Mental Health Vocal Biomarker Startup Kintsugi Raises $8M

Vocal biomarker tech startup Kintsugi has closed an $8 million seed funding round led by Acrew Capital. Kintsugi has developed a voice test for mental health designed to spot signs of anxiety, depression, and other potential issues before they become obvious.

Vocal Mental Screening

Kintsugi’s vocal biomarker test is designed to spot the telltale audio indicators of mental distress. The user speaks for 20 seconds in any language, and the audio is analyzed against a dataset collected from a talk therapy app downloaded more than 100,000 times. The AI-powered analysis Kintsugi offers is able to note subtle clues and report them to the patient and their care team for intervention. The KiVA enterprise API has a more than 80% identification rate of depression, according to the startup, and can identify the issues as much as a decade earlier than might normally be the case. The need for mental health screening has ballooned as cases of people with anxious or depressive disorders rose during the COVID-19 pandemic. The Centers for Disease Control and Prevention reported that adults with symptoms of one or both rose from 36.4% to 41.5% in just the six months between August 2020 and February 2021.

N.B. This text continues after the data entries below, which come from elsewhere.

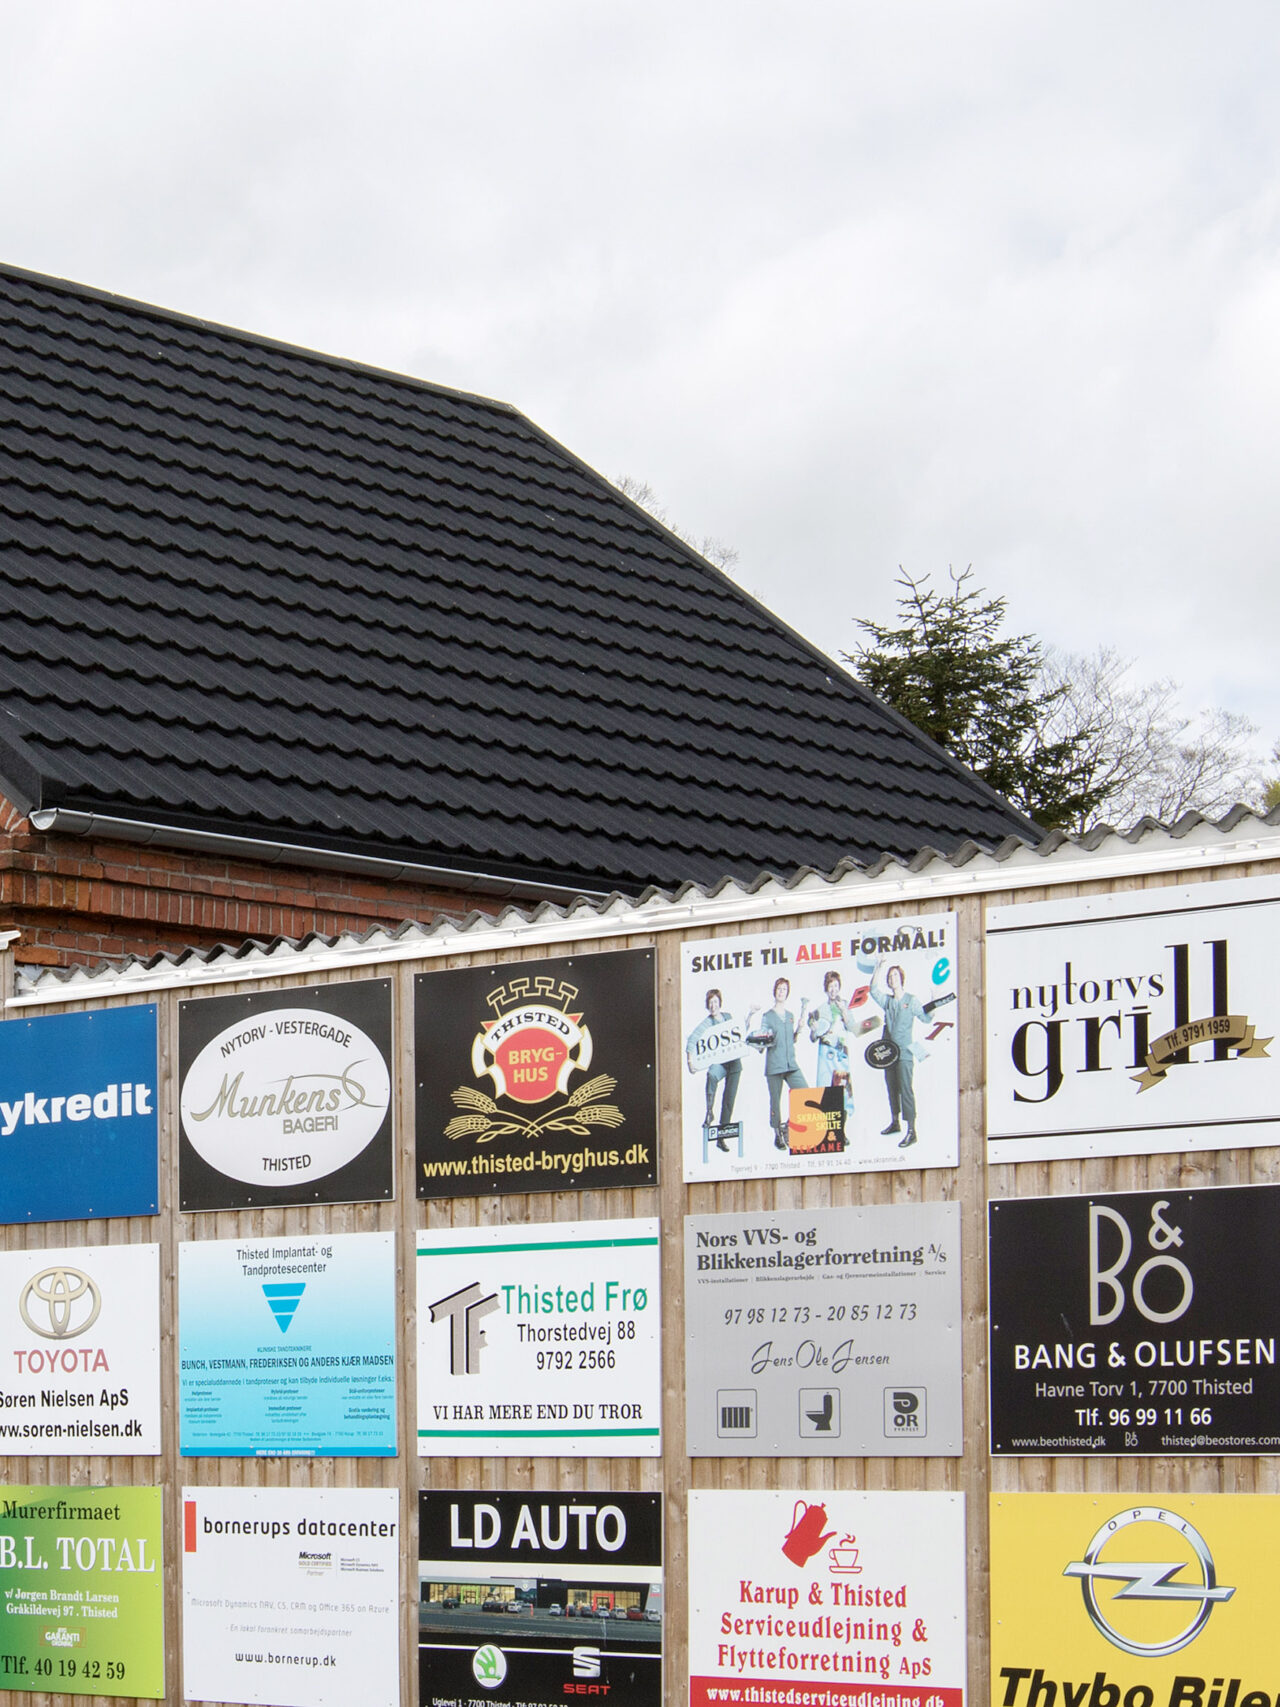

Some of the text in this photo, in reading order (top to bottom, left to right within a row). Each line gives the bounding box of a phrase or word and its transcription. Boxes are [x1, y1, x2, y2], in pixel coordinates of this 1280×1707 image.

[691, 927, 944, 973] SKILTE TIL ALLE FORMÅL!
[1010, 962, 1165, 1017] nytorvs
[491, 1012, 571, 1042] THISTED
[1011, 939, 1237, 1103] grill
[1164, 1019, 1230, 1050] Tlf. 9791 1959
[221, 1021, 352, 1058] NYTORV VESTERGADE
[696, 1026, 742, 1056] BOSS
[508, 1047, 563, 1065] BRYG-
[513, 1067, 548, 1083] HUS
[190, 1070, 369, 1122] Munkens
[283, 1115, 339, 1135] BAGERI
[262, 1154, 311, 1171] THISTED
[424, 1144, 649, 1177] www.thisted-bryghus.dk
[696, 1228, 816, 1248] Nors VVS- og
[236, 1246, 333, 1261] Thisted Implantat- og
[697, 1243, 947, 1271] Blikkenslagerforretning A/S
[242, 1262, 326, 1277] Tandprotesecenter
[501, 1281, 648, 1314] Thisted Frø
[517, 1321, 635, 1345] Thorstedvej 88
[14, 1348, 110, 1374] TOYOTA
[536, 1350, 616, 1370] 9792 2566
[751, 1339, 890, 1374] Jens Ole Jensen
[1014, 1338, 1275, 1370] BANG & OLUFSEN
[41, 1390, 95, 1407] Nielsen
[100, 1389, 129, 1410] ApS
[1036, 1378, 1253, 1398] Havne Torv 1, 7700 Thisted
[1012, 1435, 1280, 1448] www.beothisted.dk thisted@beostores.com
[2, 1501, 121, 1521] Murerfirmaet
[1107, 1509, 1189, 1534] OPEL
[204, 1517, 396, 1539] bornerups datacenter
[450, 1503, 627, 1552] LD AUTO
[56, 1538, 155, 1572] TOTAL
[740, 1580, 906, 1610] Karup & Thisted
[721, 1612, 928, 1647] Serviceudlejning &
[235, 1653, 336, 1668] www.bornerup.dk
[718, 1643, 931, 1680] Flytteforretning ApS
[563, 1683, 610, 1695] SEAT
[999, 1667, 1154, 1707] Thybo

“Mental health is a silent crisis for many patients, and for the first time, we can arm healthcare practitioners with a `psychiatrist’s ear` trained on the world’s largest dataset for machine learning and mental health,” Kintsugi CEO Grace Chang said. “Kintsugi’s Voice Biomarker API (KiVA) nearly doubles the accuracy of depression detection in the current standard of care. Today, General Practitioners are only able to positively identify depression in 47.3% of cases. What’s worse, mental health screening only occurs in 4.2% of primary care visits, yet a majority of mental healthcare is treated by overextended primary care physicians with limited bandwidth for behavioral health screening.”

Vocal Health

Nearly a dozen participants joined Acrew in the seed round, including voice ID tech developer Pindrop, Soul Cycle, and Zoom CEO Eric Yuan. The new money is earmarked for improving the test’s accuracy and streamlining the technology’s deployment to apps, telehealth centers, and other platforms. Kintsugi, whose name refers to the Japanese practice of repairing broken pottery and ceramics by using gold to hold the pieces together, has set a goal of supporting 20 million calls by 2022.

Using audio and AI for health tests is becoming more and more widespread as studies and experiments make them more accurate and useful. A study published last year used AI to analyze clips of people speaking and checked for vocal biomarkers that could identify those at a high risk of heart failure. Vocal biomarkers are how Vocalis Health designed a voice test for COVID-19 that accurately determines infection 81.2% of the time. Voca.ai also worked on the idea, partnering with Carnegie Mellon University to build a database of voices for assessing COVID-19 infection by examining the sound of someone’s voice and their cough. However, it’s not clear if Snapchat’s acquisition of Voca.ai in November for $70 million altered those plans. Indian startup Salcit Technologies built its own cough-based coronavirus test called kAs.